The glove travels, here’s where Church separates himself—and why he’s not going away. He can play all three outfield spots, and he plays them well.
Efficient routes. Closing speed. A plus arm. In a limited major league sample, he already posted 4 Outs Above Average, which tells you everything you need to know.
That glove will keep him in the lineup. That speed will keep him on the bases. And if the bat continues to come around… now you’re talking about something more than a fourth outfielder.
Scouting Snapshot
Hit: 50
Power: 35
Run: 60
Arm: 60
Field: 65
Overall: 40
That’s not a superstar profile.
That’s a ballplayer.
And sometimes, especially in a season where you’re trying to rediscover your identity, that’s exactly what you need.
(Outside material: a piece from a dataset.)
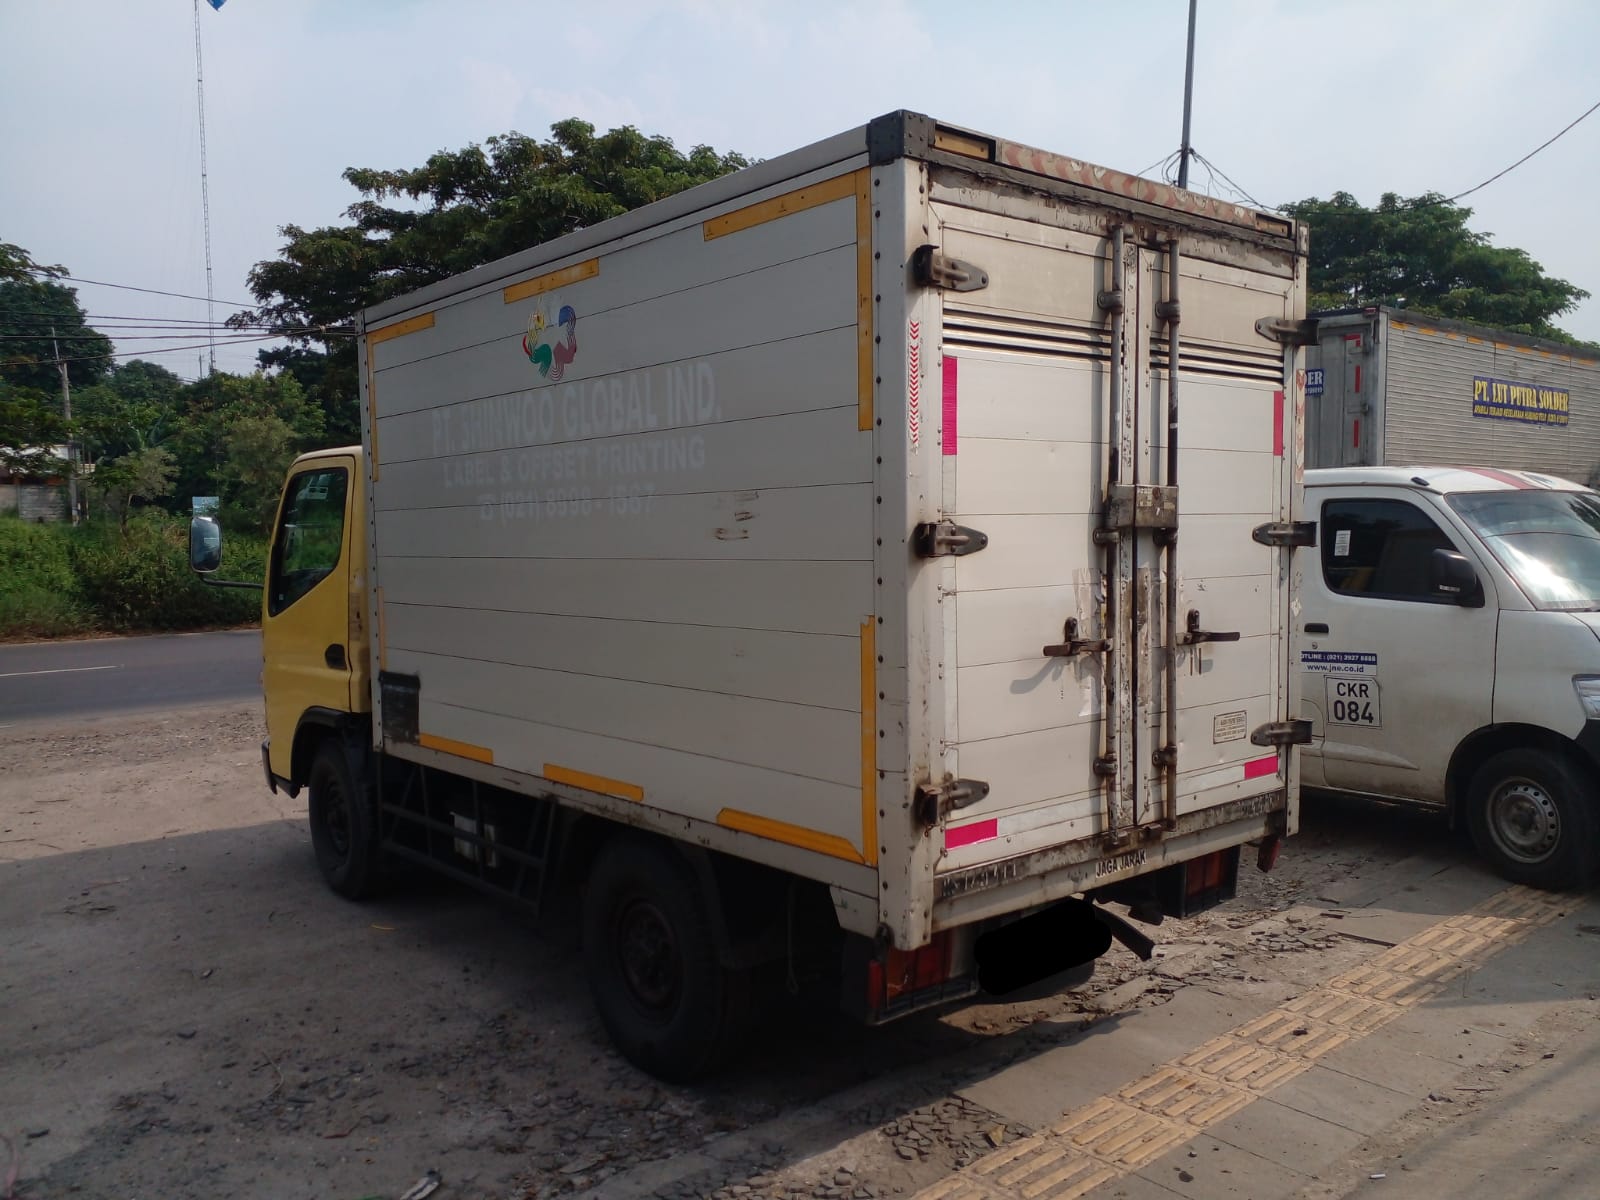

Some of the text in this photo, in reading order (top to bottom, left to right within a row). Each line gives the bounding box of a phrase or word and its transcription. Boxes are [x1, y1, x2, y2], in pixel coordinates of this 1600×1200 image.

The Cardinals h ave made it clear—they’re willing to take a hard look at the next wave.This isn’t about filling a spot for two weeks. This is about seeing who belongs.
Church has already shown he can hit at Triple-A. He’s showing now that he can compete in big-league camp. If he gets off to a strong start in April, the math gets real interesting when Nootbaar returns.
Because when a young player proves he belongs… you don’t send him back.
My old school take is, you don’t build a club on projections. You build it on players who show up and perform when given the chance. Nathan Church has done that this spring.
He’s not loud. He’s not flashy. But he plays the game the right way—and he’s making it harder by the day to take his name out of the lineup card.
And around here, that still means something.